The following is a summary of the main experimental results obtained:
1-Effect of different concentration of NaCl (salinity) on growth parameters and lipid % of D. salina:
Different concentrations of NaCl (1.25 (control), 1.75 , 2.25 and 3.0 M/L) were tested to obtain the optimum concentration which gave the highest growth rate and the highest lipid content.
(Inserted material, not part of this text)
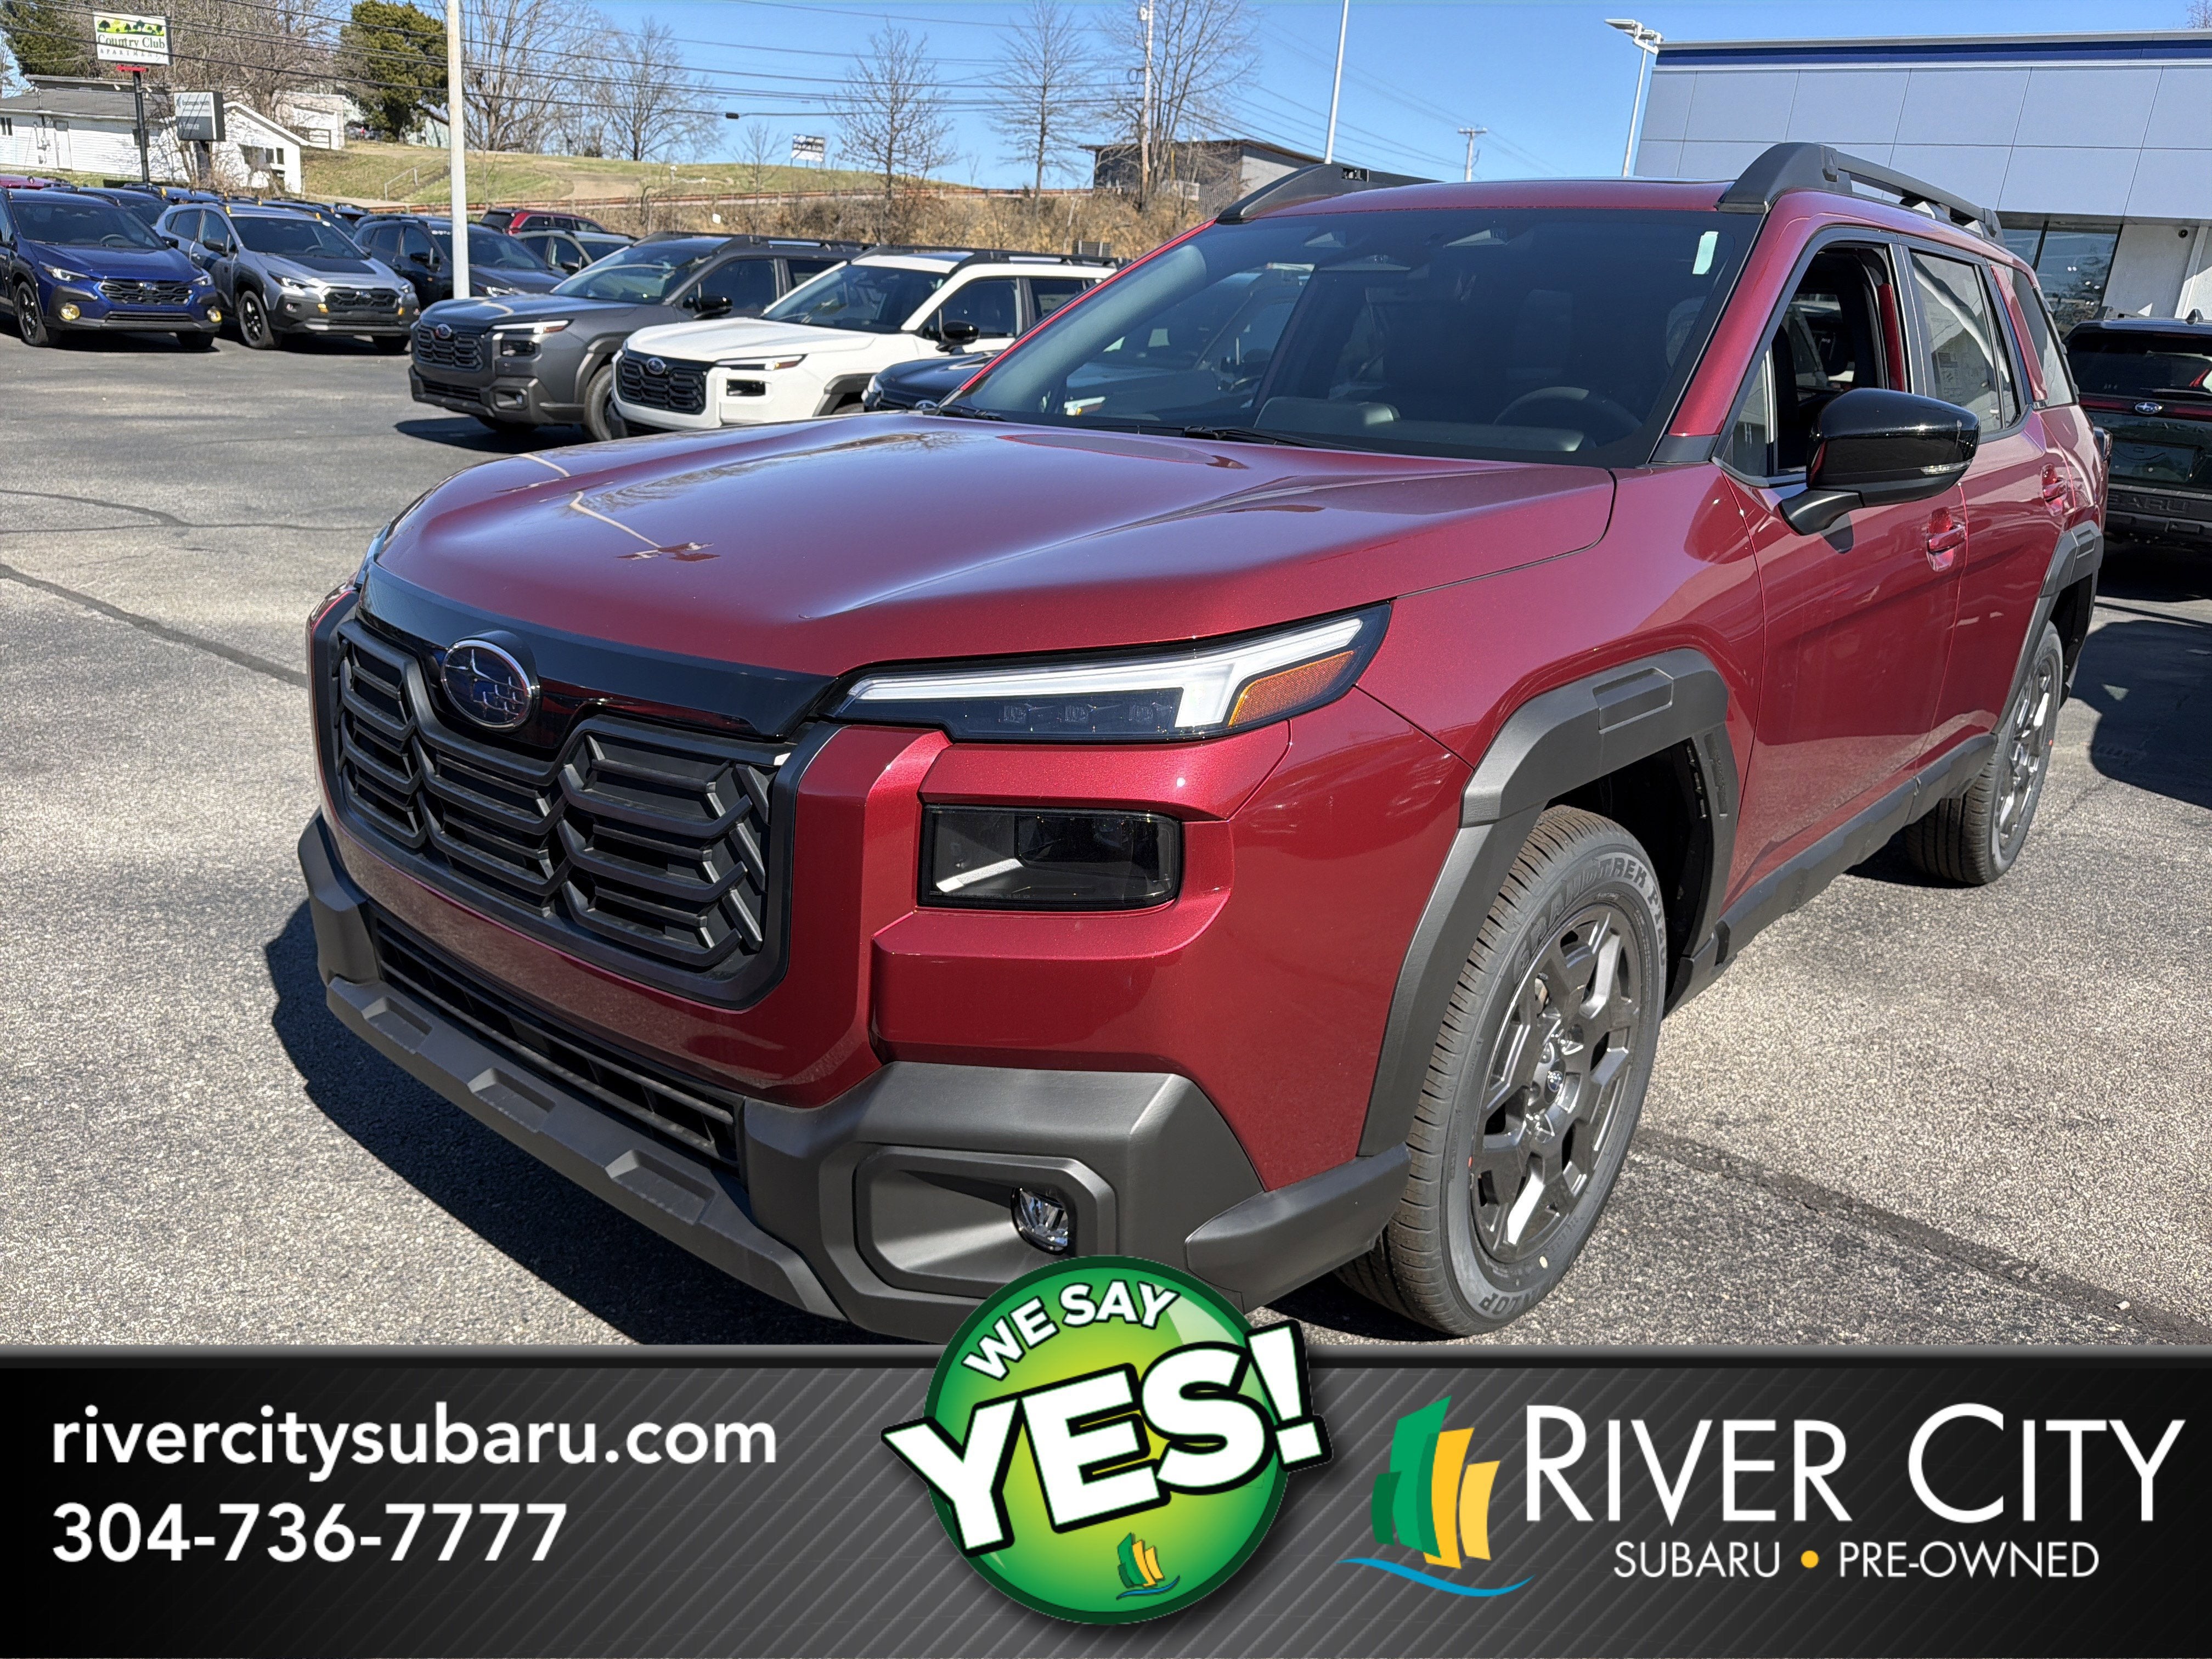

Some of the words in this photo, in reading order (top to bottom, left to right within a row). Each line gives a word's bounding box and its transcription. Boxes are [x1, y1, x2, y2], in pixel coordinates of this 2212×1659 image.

The results indicate that 2.25M NaCl is asuitable concentration for the growth and lipid production rather than its corresponding control(1.25M) .This mean that there was direct relation between the growth and lipid content under stress condition. So, increasing salinity resulted in noticeable increase in the growth of D.salina with subsequent increase in the total lipid content.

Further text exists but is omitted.